It landed on Earth some 40 years ago

Feb 16, 2010 09:27 GMT  ·  By
Fragment of the Murchison meteorite (at right) and isolated individual particles (shown in the test tube)
   Fragment of the Murchison meteorite (at right) and isolated individual particles (shown in the test tube)

Some four decades ago, a large meteorite made its way to the Earth, in one of the rare instances in which such a descent was observed. The Murchison rock has since become one of the most studied on Earth, because it is relatively large, weighing more than 100 kilograms, and also because it apparently carries millions of various organic compounds. The kick is that the rock appears to be even older than the Sun, which is currently aged at around 4.65 billion years old.
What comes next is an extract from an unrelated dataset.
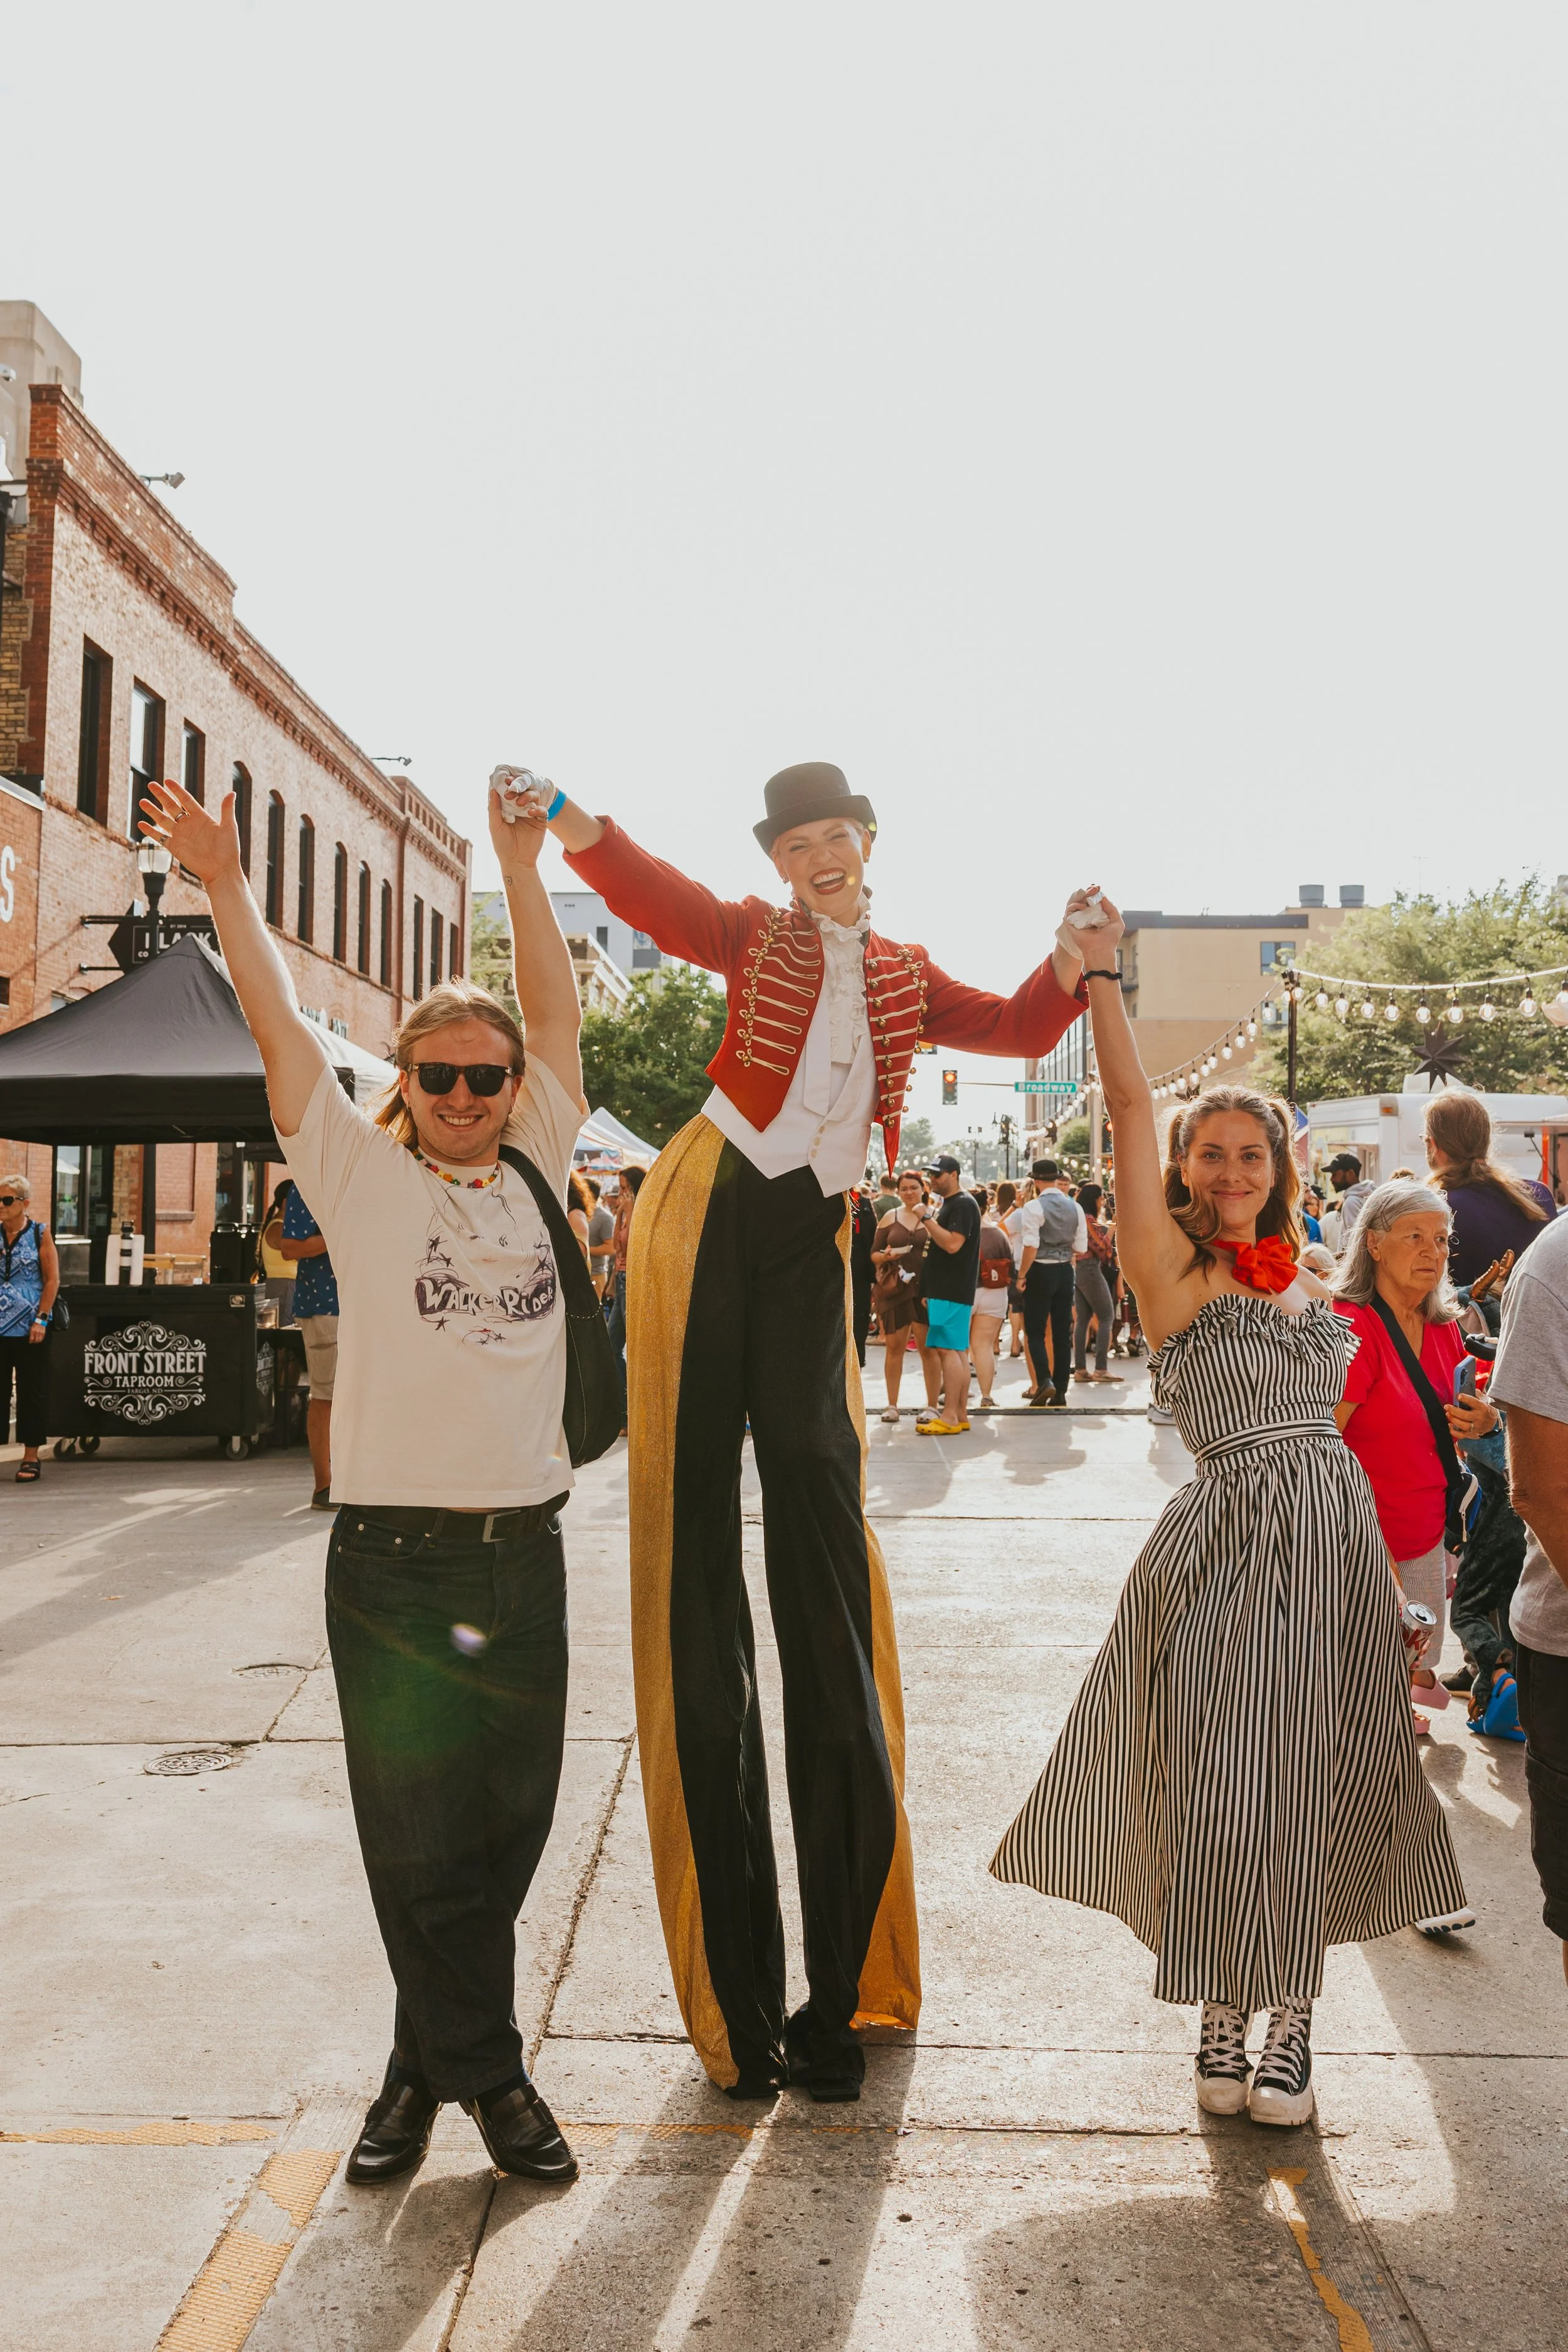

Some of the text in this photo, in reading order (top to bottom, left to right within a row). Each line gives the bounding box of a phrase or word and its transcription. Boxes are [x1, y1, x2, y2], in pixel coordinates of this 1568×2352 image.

A recent investigation was able to conclude that indeed the meteorite contained the wide array of compounds it was thought to, the BBC News reports.
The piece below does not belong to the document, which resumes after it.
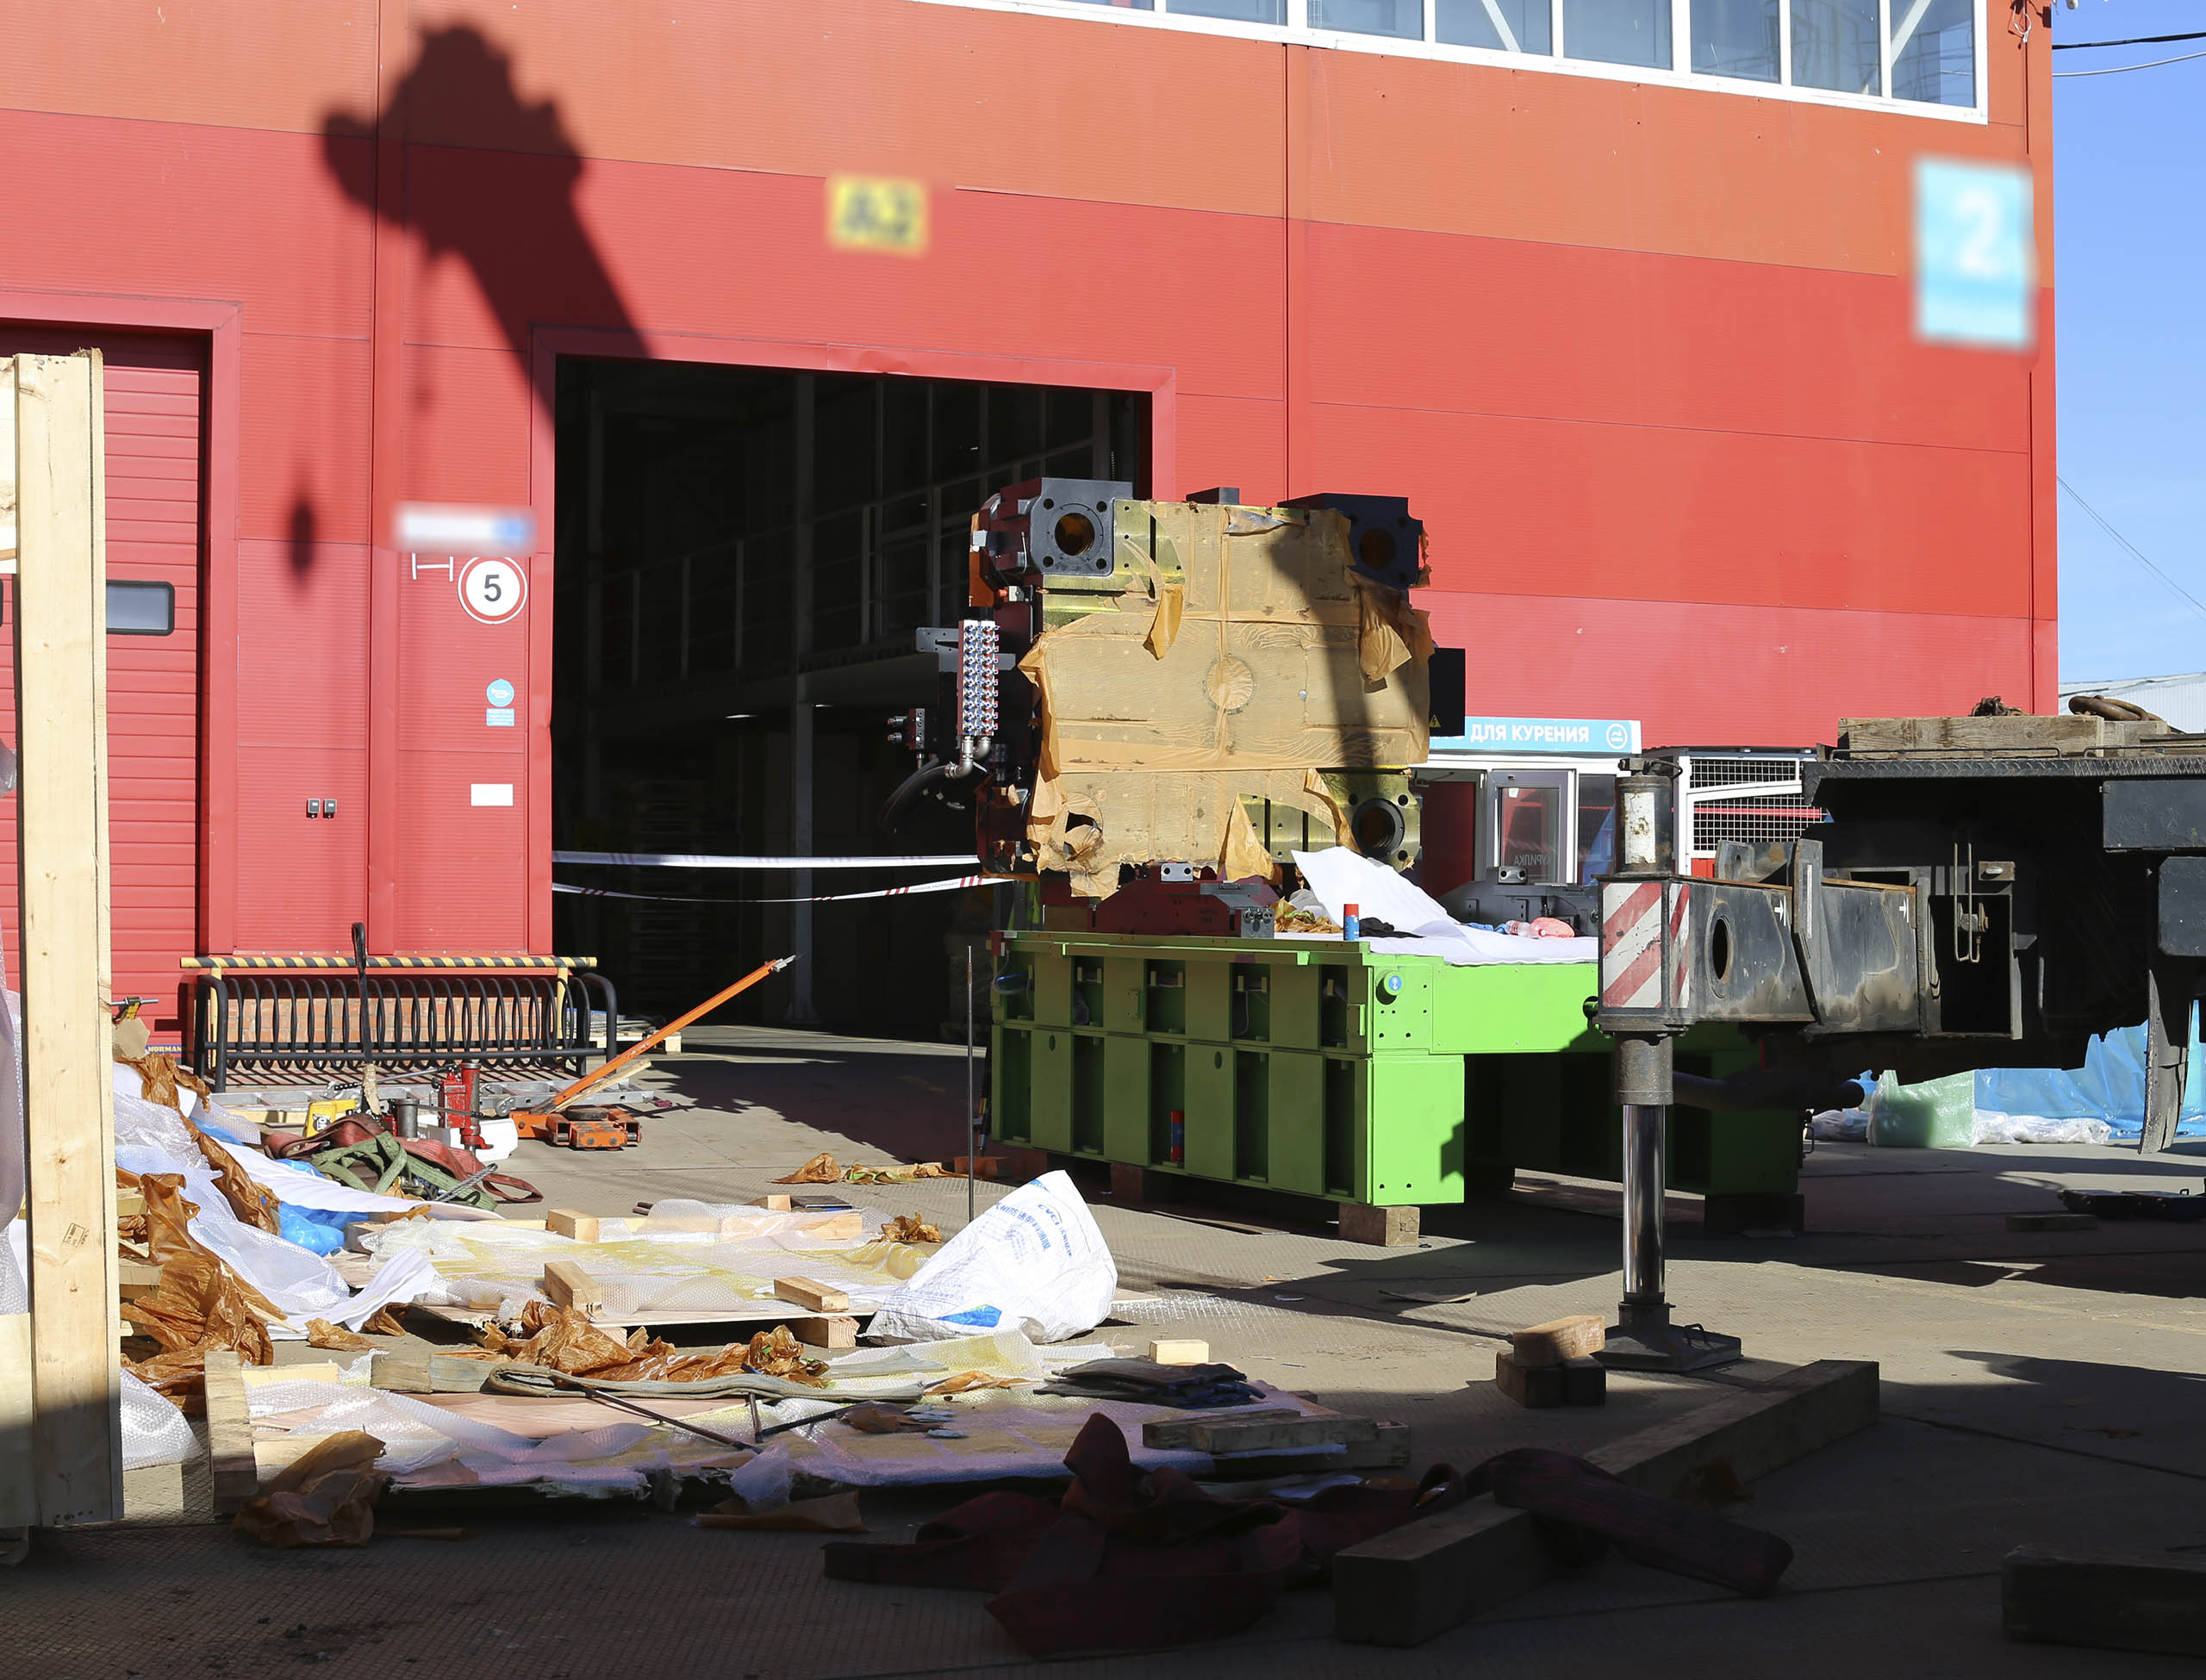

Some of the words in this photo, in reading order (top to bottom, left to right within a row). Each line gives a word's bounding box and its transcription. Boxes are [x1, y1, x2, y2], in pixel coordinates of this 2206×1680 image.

[1955, 187, 2002, 277] 2
[484, 575, 502, 601] 5
[1470, 724, 1506, 743] ДЛЯ
[1513, 725, 1589, 744] КУРЕНИЯ
Experts behind the study published their discoveries in the latest issue of the respected journal Proceedings of the National Academy of Sciences (PNAS). “Having this information means you can tell what was happening during the birth of the Solar System. We are really excited. When I first studied it and saw the complexity I was so amazed. Meteorites are like some kind of fossil. When you try to understand them you are looking back in time,” expert Dr. Philippe Schmitt-Kopplin, who is based at the Institute for Ecological Chemistry, in Neuherberg, Germany, says. The scientist has also been the lead researcher of the investigation.

The analysis of the chemicals on the meteorite, which struck in Murchison, Victoria, in Australia in 1969, shows clear indicators that the composition of the earliest solar system had a much higher molecular diversity than our planet does at this point. The conclusions were based on a thorough analysis of the object, which was conducted using advanced, high-resolution tools, including spectroscopy. A single sample of the meteorite allowed the researchers to accurately identify up to 14,000 different compounds in the rock, of which 70 were amino acids. These are the building blocks of proteins, which are in turn indispensable to life.

But the advanced modeling of the new data seems to indicate that the meteorite as a whole could have as much as several million organic compounds inside it. “We have to crush a few milligrams from the core of the meteorite to enable the extractions with solvents and thus we only see the extractable fraction. In addition we are only seeing the ions we can generate with the ionization source of our mass spectrometer. With different types of ionization sources we could see even more,” the team leader adds.

“I guess many people working in these fields [debating on how life on Earth appeared] with access to this knowledge will have some further hypothesis and will possibly be having some of their hypotheses confirmed. Where did we come from and what happened before? We all have that question inside us,” Dr. Schmitt-Kopplin concludes.